Aim of the exercise - Without the pictures, return each record as it appears.

(Image-backed grounding data)
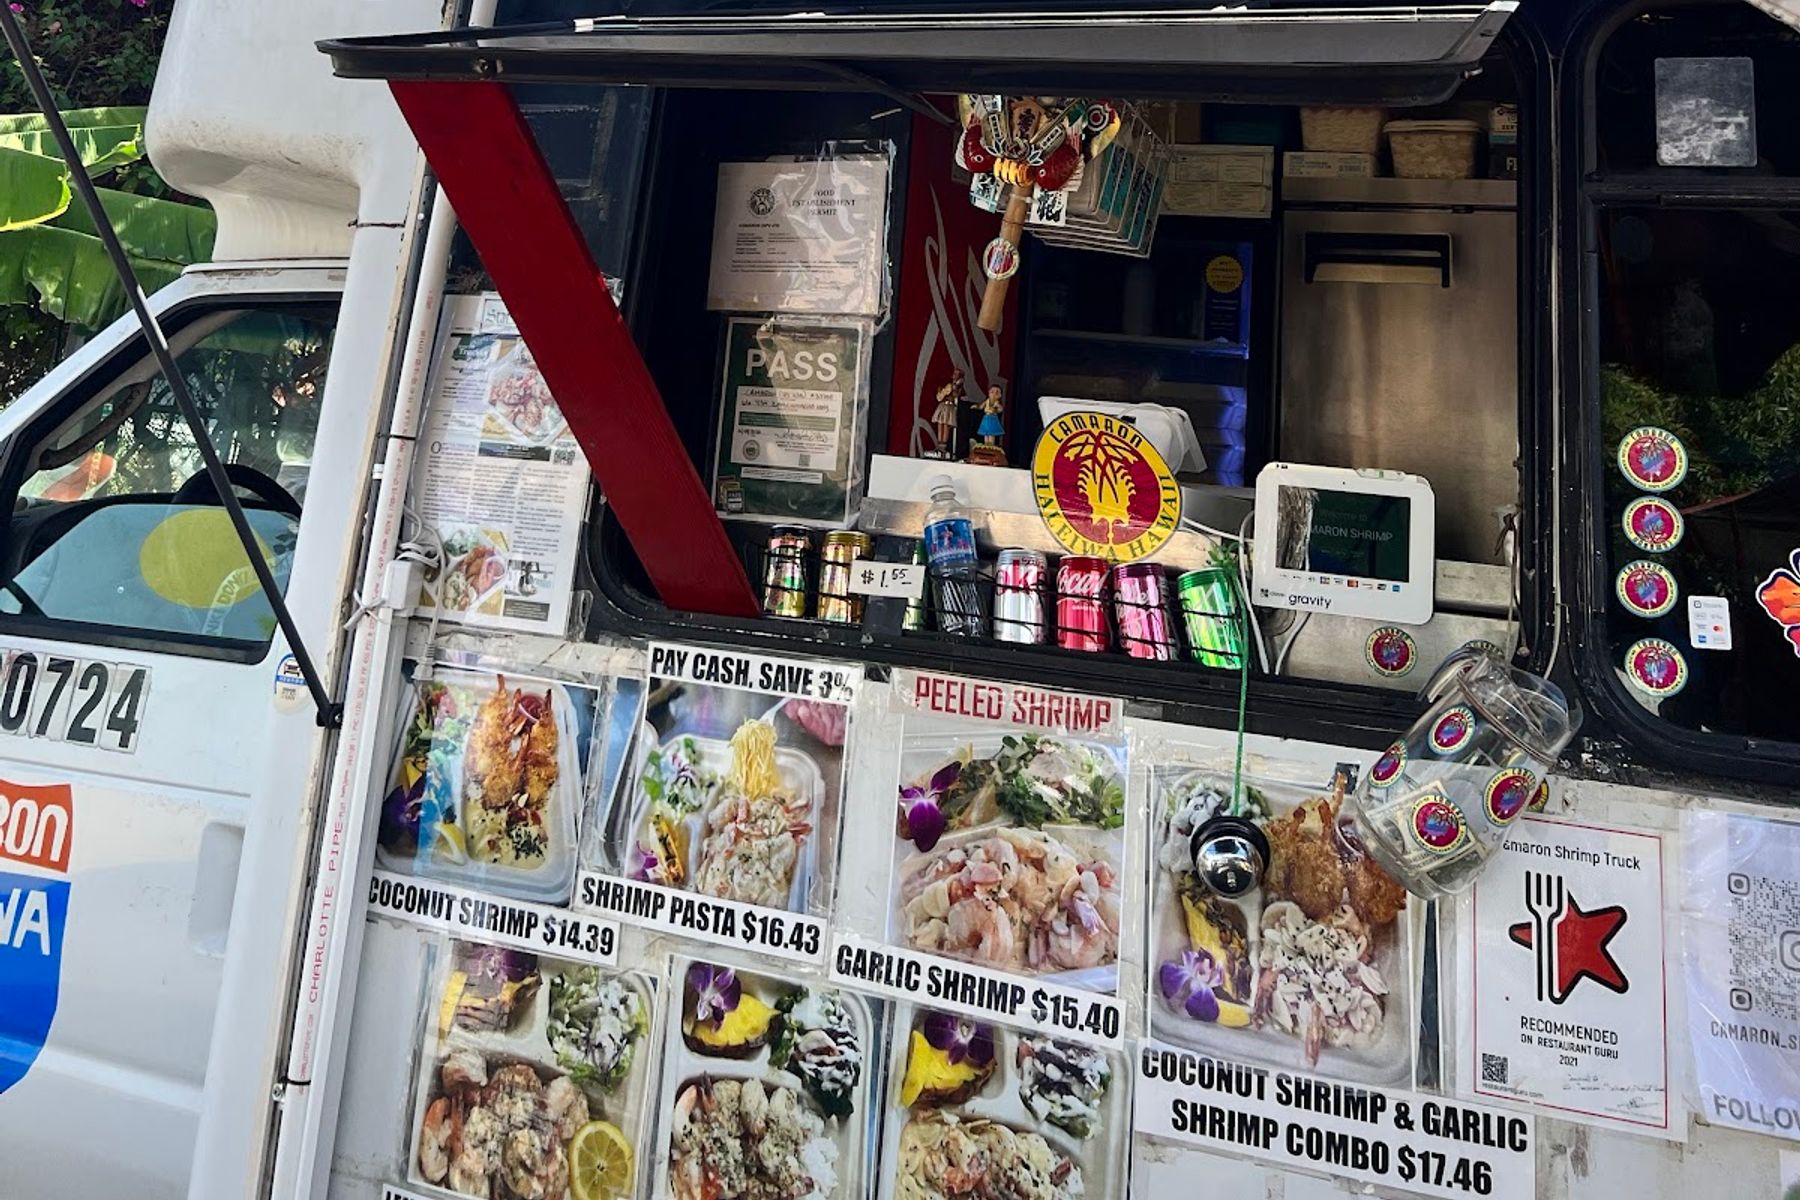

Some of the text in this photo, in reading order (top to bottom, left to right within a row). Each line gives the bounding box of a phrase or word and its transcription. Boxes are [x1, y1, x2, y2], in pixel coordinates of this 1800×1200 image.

[745, 348, 838, 383] PASS
[1050, 414, 1143, 449] CAMARON
[1128, 474, 1179, 559] HAWAII
[1310, 525, 1394, 542] MARON SHRIMP
[1289, 593, 1332, 609] gravity
[0, 652, 147, 748] 0724
[650, 647, 688, 677] PAY
[758, 662, 814, 696] SAVE
[818, 669, 854, 702] 3%
[914, 675, 1112, 732] PEELED SHRIMP
[1555, 845, 1601, 867] Shrimp
[1603, 851, 1642, 871] Truck
[309, 821, 345, 1003] CHARLOTTE PIPE
[368, 875, 615, 956] COCONUT SHRIMP $14.39
[581, 877, 821, 955] SHRIMP PASTA $16.43
[835, 943, 1119, 1039] GARLIC SHRIMP $15.40
[1520, 1015, 1619, 1046] RECOMMENDED
[1520, 1033, 1619, 1060] ON RESTAURANT GURU
[1710, 1020, 1800, 1050] CAMARON_S
[1558, 1054, 1579, 1067] 2021
[1141, 1046, 1528, 1153] COCONUT SHRIMP & GARLIC
[1171, 1098, 1493, 1196] SHRIMP COMBO $17.46
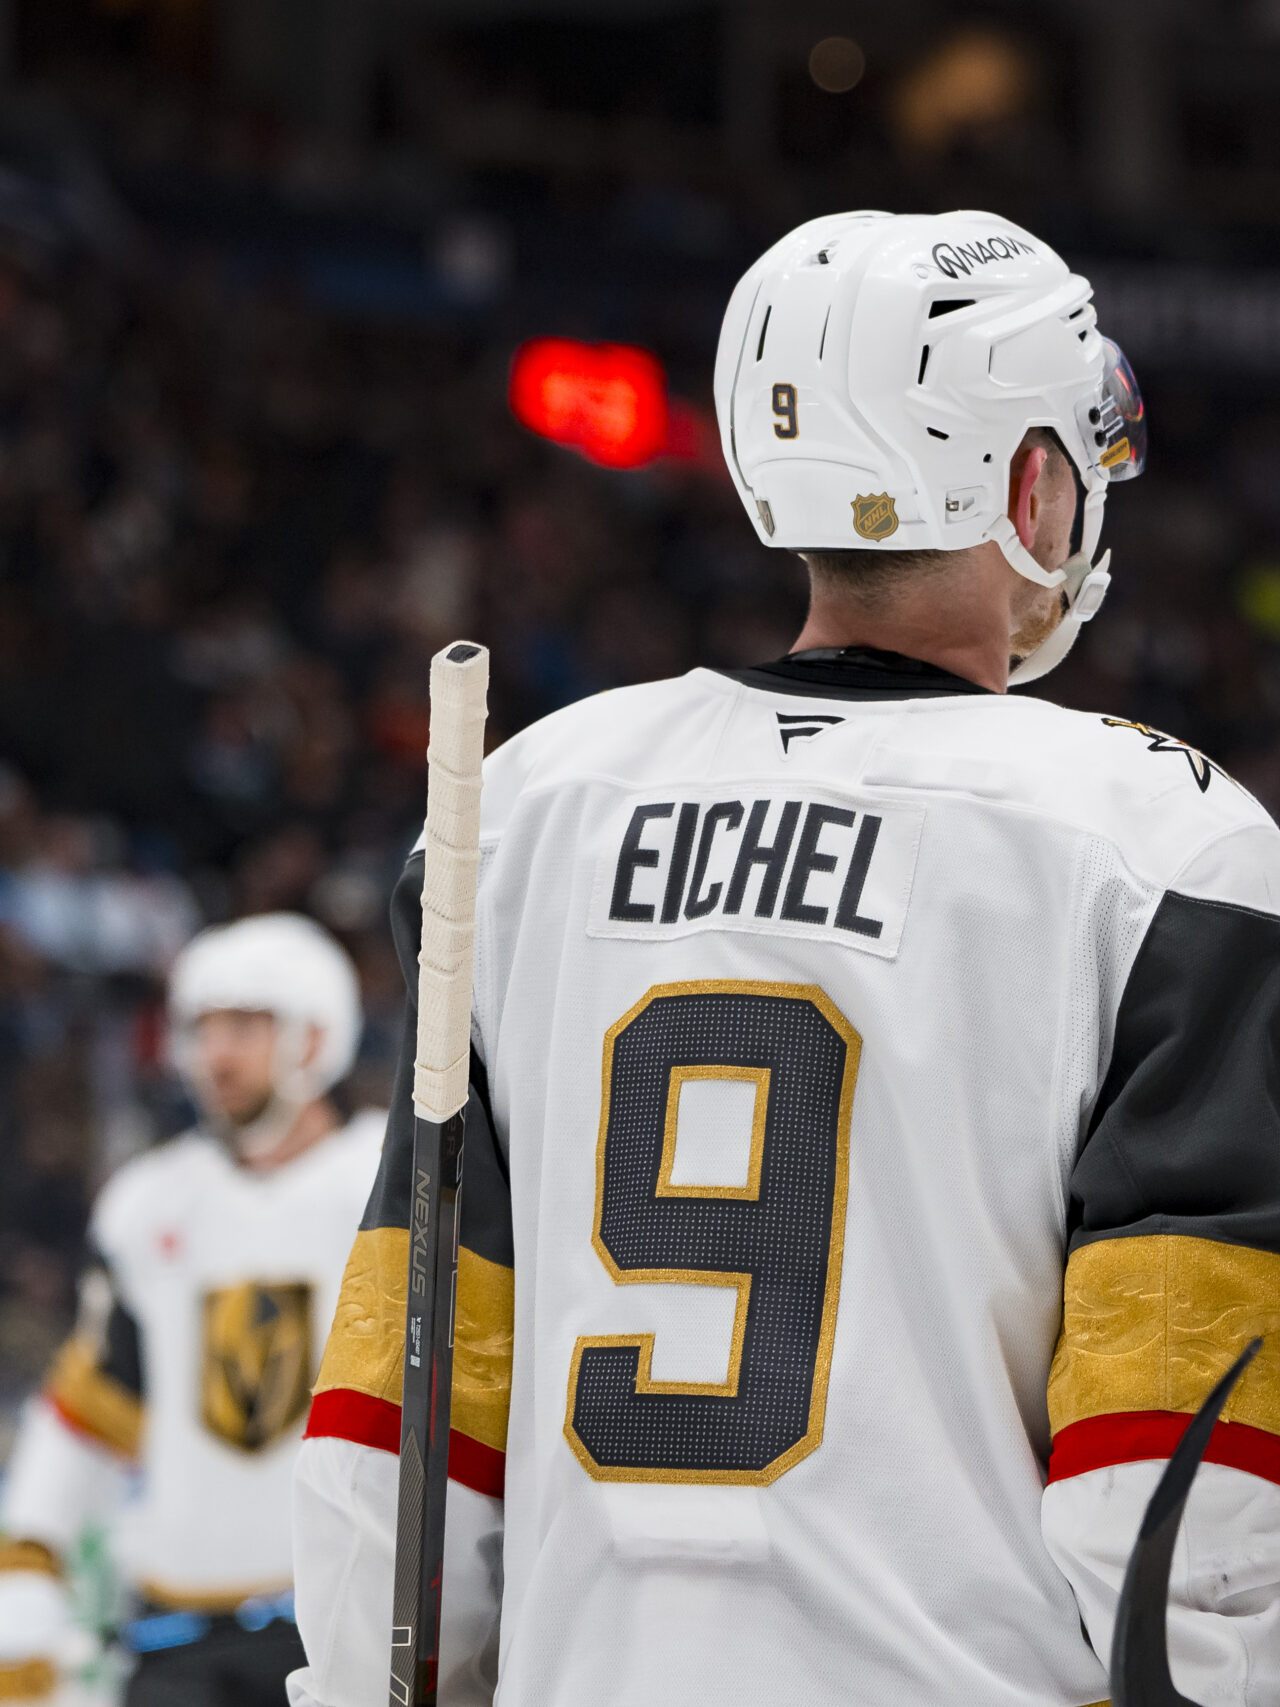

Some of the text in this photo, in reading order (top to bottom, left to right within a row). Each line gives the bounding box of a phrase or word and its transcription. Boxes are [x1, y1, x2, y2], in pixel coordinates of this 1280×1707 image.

[772, 383, 799, 440] 9
[863, 506, 887, 530] NHL
[608, 799, 883, 939] EICHEL
[412, 1168, 431, 1297] NEXUS
[563, 978, 863, 1488] 9
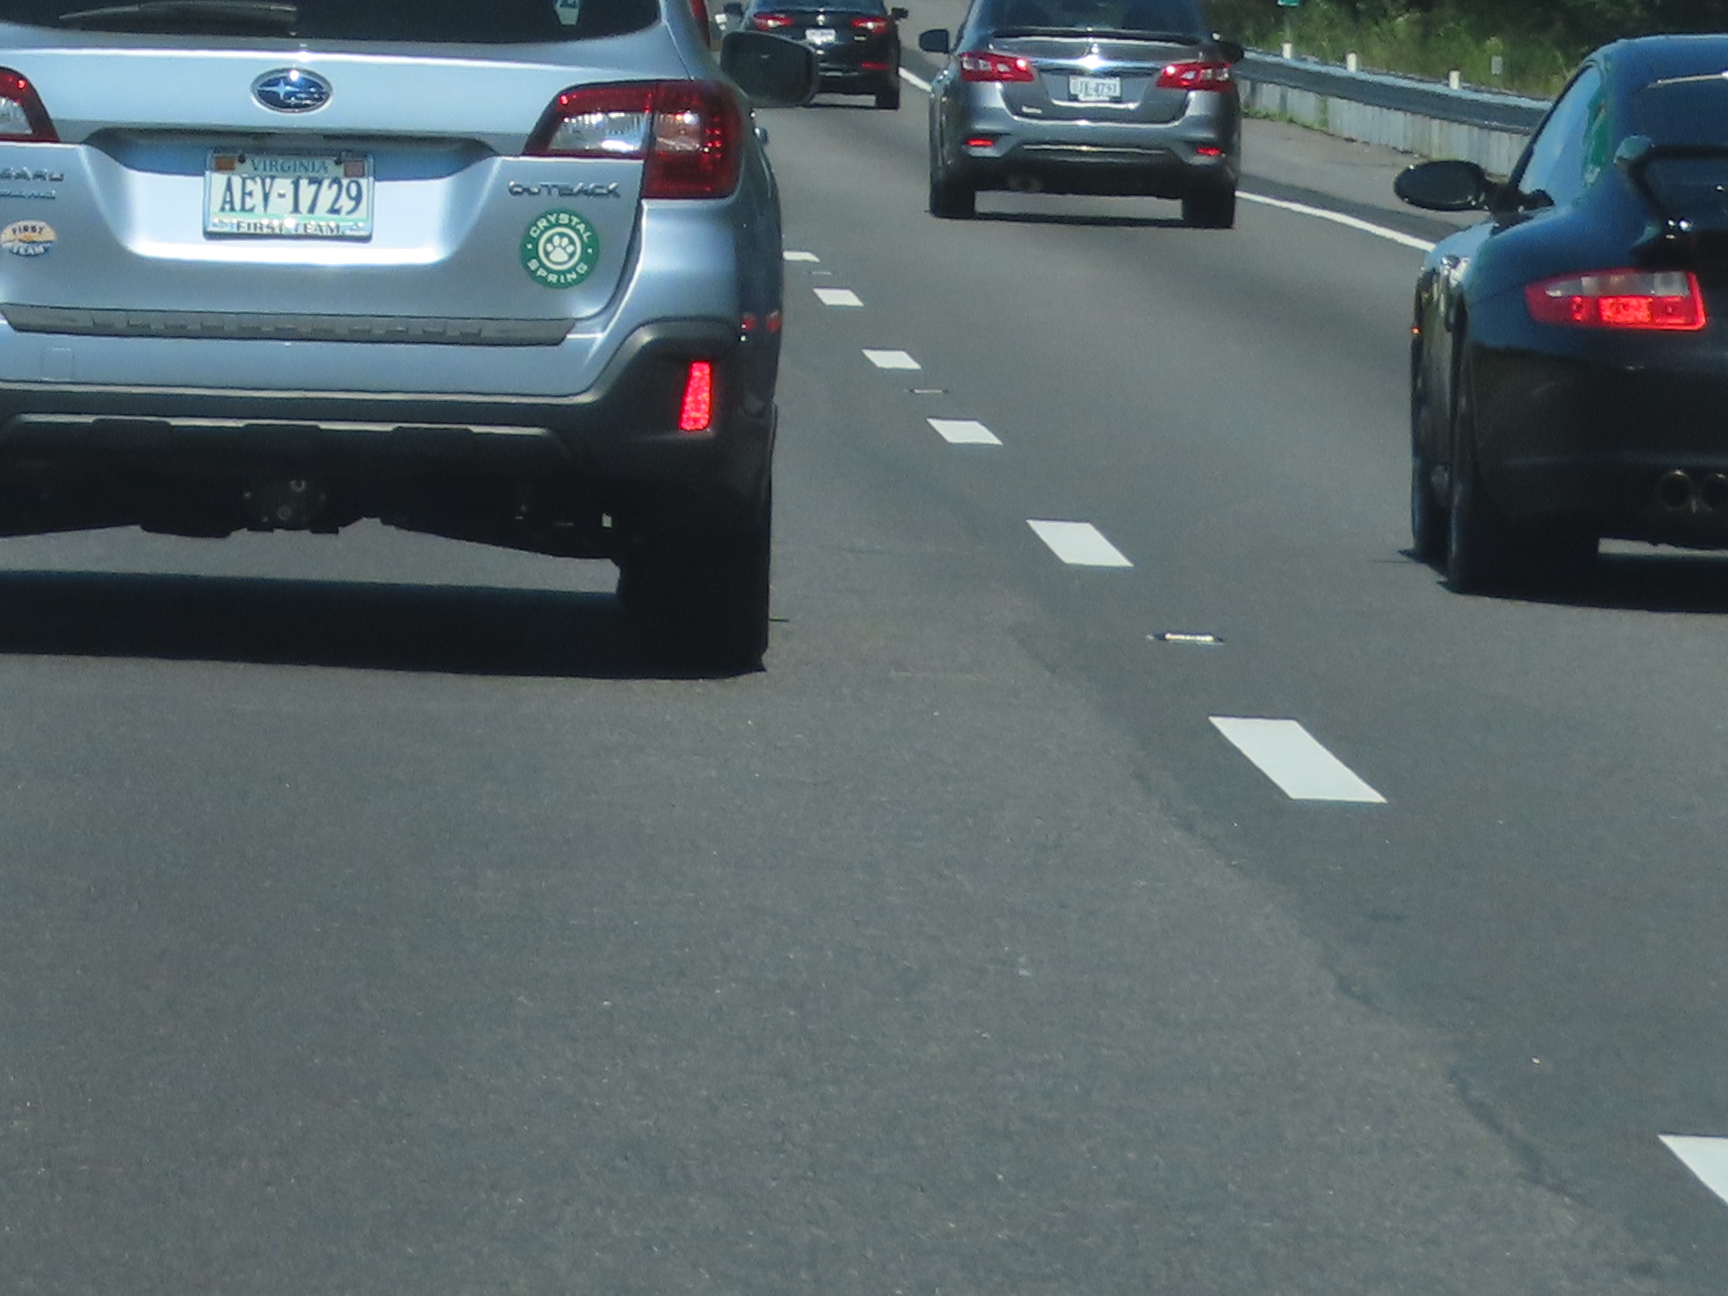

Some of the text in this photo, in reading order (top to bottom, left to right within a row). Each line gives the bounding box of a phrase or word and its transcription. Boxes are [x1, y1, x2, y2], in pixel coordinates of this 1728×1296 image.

[250, 158, 331, 174] VIRGINIA
[219, 175, 364, 216] AEV-1729
[507, 180, 622, 199] OUTBACK
[11, 224, 45, 236] FIRST
[235, 220, 285, 234] FIRST
[528, 211, 593, 244] CRYSTAL
[12, 244, 45, 257] TEAM
[526, 257, 589, 285] SPRING

Solution for this exercise -
Some of the text in this photo, in reading order (top to bottom, left to right within a row). Each line gives the bounding box of a phrase or word and its transcription. Boxes are [x1, y1, x2, y2], in pixel coordinates of this 1800×1200 image.

[745, 348, 838, 383] PASS
[1050, 414, 1143, 449] CAMARON
[1128, 474, 1179, 559] HAWAII
[1310, 525, 1394, 542] MARON SHRIMP
[1289, 593, 1332, 609] gravity
[0, 652, 147, 748] 0724
[650, 647, 688, 677] PAY
[758, 662, 814, 696] SAVE
[818, 669, 854, 702] 3%
[914, 675, 1112, 732] PEELED SHRIMP
[1555, 845, 1601, 867] Shrimp
[1603, 851, 1642, 871] Truck
[309, 821, 345, 1003] CHARLOTTE PIPE
[368, 875, 615, 956] COCONUT SHRIMP $14.39
[581, 877, 821, 955] SHRIMP PASTA $16.43
[835, 943, 1119, 1039] GARLIC SHRIMP $15.40
[1520, 1015, 1619, 1046] RECOMMENDED
[1520, 1033, 1619, 1060] ON RESTAURANT GURU
[1710, 1020, 1800, 1050] CAMARON_S
[1558, 1054, 1579, 1067] 2021
[1141, 1046, 1528, 1153] COCONUT SHRIMP & GARLIC
[1171, 1098, 1493, 1196] SHRIMP COMBO $17.46

Some of the text in this photo, in reading order (top to bottom, left to right within a row). Each line gives the bounding box of a phrase or word and its transcription. Boxes are [x1, y1, x2, y2], in pixel coordinates of this 1280×1707 image.

[772, 383, 799, 440] 9
[863, 506, 887, 530] NHL
[608, 799, 883, 939] EICHEL
[412, 1168, 431, 1297] NEXUS
[563, 978, 863, 1488] 9

Some of the text in this photo, in reading order (top to bottom, left to right within a row). Each line gives the bounding box of a phrase or word and its transcription. Boxes are [x1, y1, x2, y2], in pixel coordinates of this 1728×1296 image.

[250, 158, 331, 174] VIRGINIA
[219, 175, 364, 216] AEV-1729
[507, 180, 622, 199] OUTBACK
[11, 224, 45, 236] FIRST
[235, 220, 285, 234] FIRST
[528, 211, 593, 244] CRYSTAL
[12, 244, 45, 257] TEAM
[526, 257, 589, 285] SPRING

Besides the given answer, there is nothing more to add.